Not only should POC and gender non-conforming individuals be welcomed within the feminist agenda, but their battle for equal rights should also inform the future of the movement. Feminism is about inclusion and fighting against the discrimination of any individuals and communities struggling under the patriarchy, which means intersectional feminism is the only way forward.
2. Let us not forget the violence
According to the reports released by the United Nations Entity for Gender Equality and the Empowerment of Women (UN Women), one out of three women has experienced sexual violence at least once in their lives. Three out of five women who have been murdered are killed by their partner or a family member, and worldwide, 15 million girls under the age of 19 have experienced forced sex.
The systemic violence against women and trans people is enabled by a legal and socio-cultural system that has, for too long, denied its responsibility in causing this violence. While each nation has had very different experiences, violence against women is an on-going problem across the world.
By promoting an intersectional agenda, the Argentinian fourth-wave grassroots feminist movement Ni Una Menos has in the past few years occupied squares, taught in schools and churches and connected unions to mobilise and create networks to oppose the killing and violence against women across communities.
The American philosopher and gender theorist Judith Butler wrote in her new book The Force of Nonviolence: The Ethical in the Political: “The act of violence enacts the social structure, and the social structure exceeds each of the acts of violence by which it is manifested and reproduced. These are losses that should not have happened, that should never happen again: Ni Una Menos.” Even after IWD, we must make sure that this ingrained violence, as well as toxic masculinity, are increasingly challenged through education first and foremost.
3. From 16.3 per cent to zero
In Europe alone, the average gender pay gap is 16.3 per cent. Women earn impressively less than men and therefore have to work harder in order to make the same amount as their male counterparts. Positions of power are always harder to reach, and the tension between domestic life and career is a struggle that keeps interfering within women’s lives.

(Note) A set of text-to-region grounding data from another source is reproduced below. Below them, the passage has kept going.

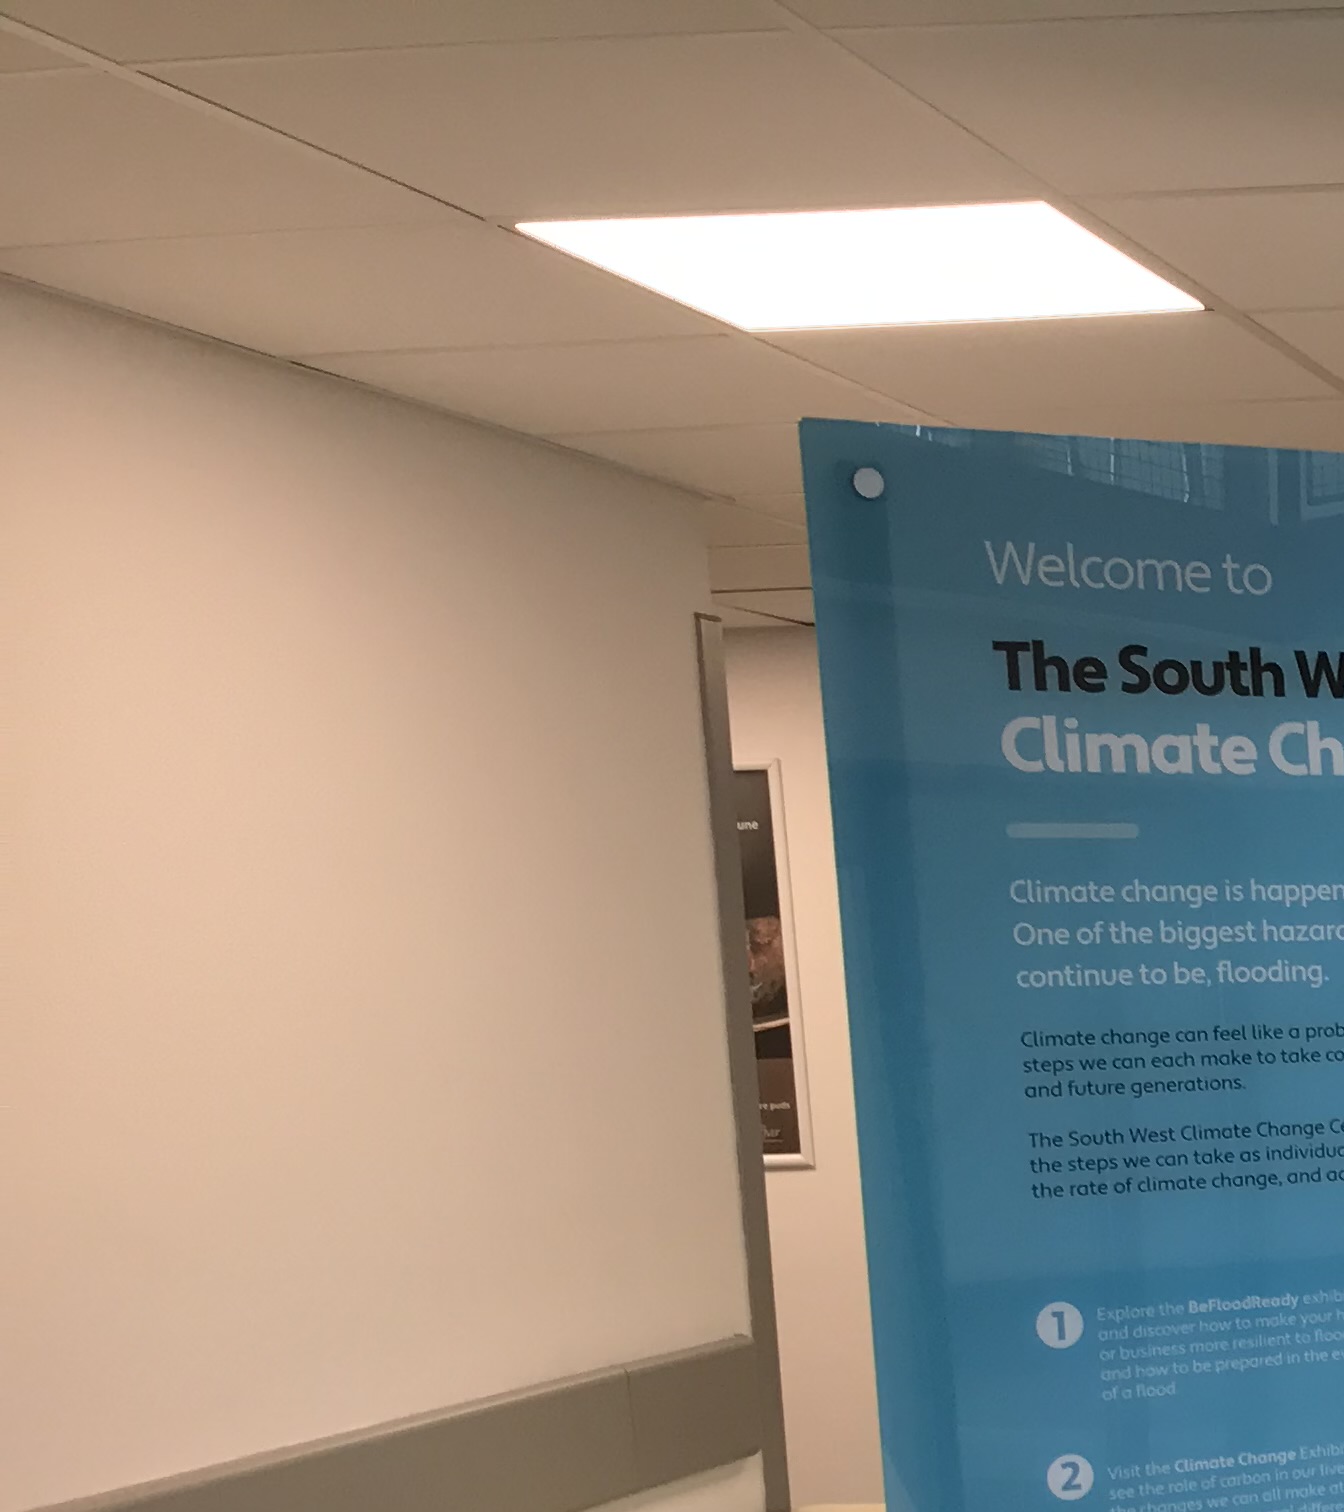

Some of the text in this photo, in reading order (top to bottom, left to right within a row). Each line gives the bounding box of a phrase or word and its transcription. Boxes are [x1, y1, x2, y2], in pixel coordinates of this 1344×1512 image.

[983, 539, 1272, 595] Welcome to
[991, 638, 1108, 693] The
[1117, 643, 1285, 697] South
[1000, 714, 1258, 775] Climate
[1009, 878, 1115, 903] Climate
[1120, 878, 1218, 908] change
[1224, 879, 1244, 901] is
[1012, 921, 1070, 946] One
[1075, 920, 1104, 945] of
[1108, 920, 1153, 944] the
[1159, 919, 1257, 950] biggest
[1015, 958, 1329, 988] continue to be, flooding.
[1020, 1030, 1096, 1048] Climate
[1100, 1027, 1170, 1048] change
[1174, 1029, 1208, 1042] can
[1212, 1024, 1247, 1041] feel
[1251, 1023, 1283, 1040] like
[1288, 1026, 1300, 1039] a
[1022, 1057, 1074, 1076] steps
[1078, 1057, 1107, 1071] we
[1111, 1056, 1146, 1069] can
[1150, 1051, 1195, 1068] each
[1200, 1048, 1252, 1066] make
[1255, 1049, 1276, 1064] to
[1279, 1046, 1321, 1063] take
[1024, 1076, 1246, 1098] and future generations.
[1028, 1131, 1063, 1148] The
[1068, 1128, 1124, 1147] South
[1128, 1127, 1176, 1143] West
[1180, 1123, 1252, 1141] Climate
[1256, 1120, 1324, 1139] Change
[1029, 1156, 1062, 1174] the
[1067, 1155, 1118, 1174] steps
[1122, 1155, 1150, 1168] we
[1154, 1153, 1188, 1167] can
[1192, 1147, 1235, 1165] take
[1238, 1149, 1260, 1163] as
[1030, 1181, 1064, 1199] the
[1069, 1180, 1108, 1196] rate
[1112, 1176, 1133, 1194] of
[1136, 1174, 1206, 1193] climate
[1210, 1171, 1282, 1190] change,
[1286, 1166, 1321, 1184] and
[1051, 1311, 1068, 1341] 1
[1060, 1461, 1082, 1492] 2

In order to build a more inclusive society, women must be as present as men in the social, political and economic structures that form our world. Founder and CEO of Make Love Not Porn Cindy Gallop, who is also a prominent voice for the equality of all genders within the workplace wrote on Facebook: “On #InternationalWomensDay and every other day, don’t use words like ’empower’ and ‘celebrate’. Use words like ‘hire’, ‘promote’, ‘pay’, ‘raise’, ‘bonus’, ‘fund’, ‘invest in’, ‘enrich’, ‘elect’, ‘lead’—and don’t just say it, DO IT,” highlighting the need for more than a once-a-year ‘celebration’.
Days like 8 March are important, but only if they function as momentum for an ongoing, shared project. Let’s not leave this IWD as yet another unfinished conversation. Let’s make sure that this conversation carries on, that the objectives remain clear and that the required changes are soon delivered.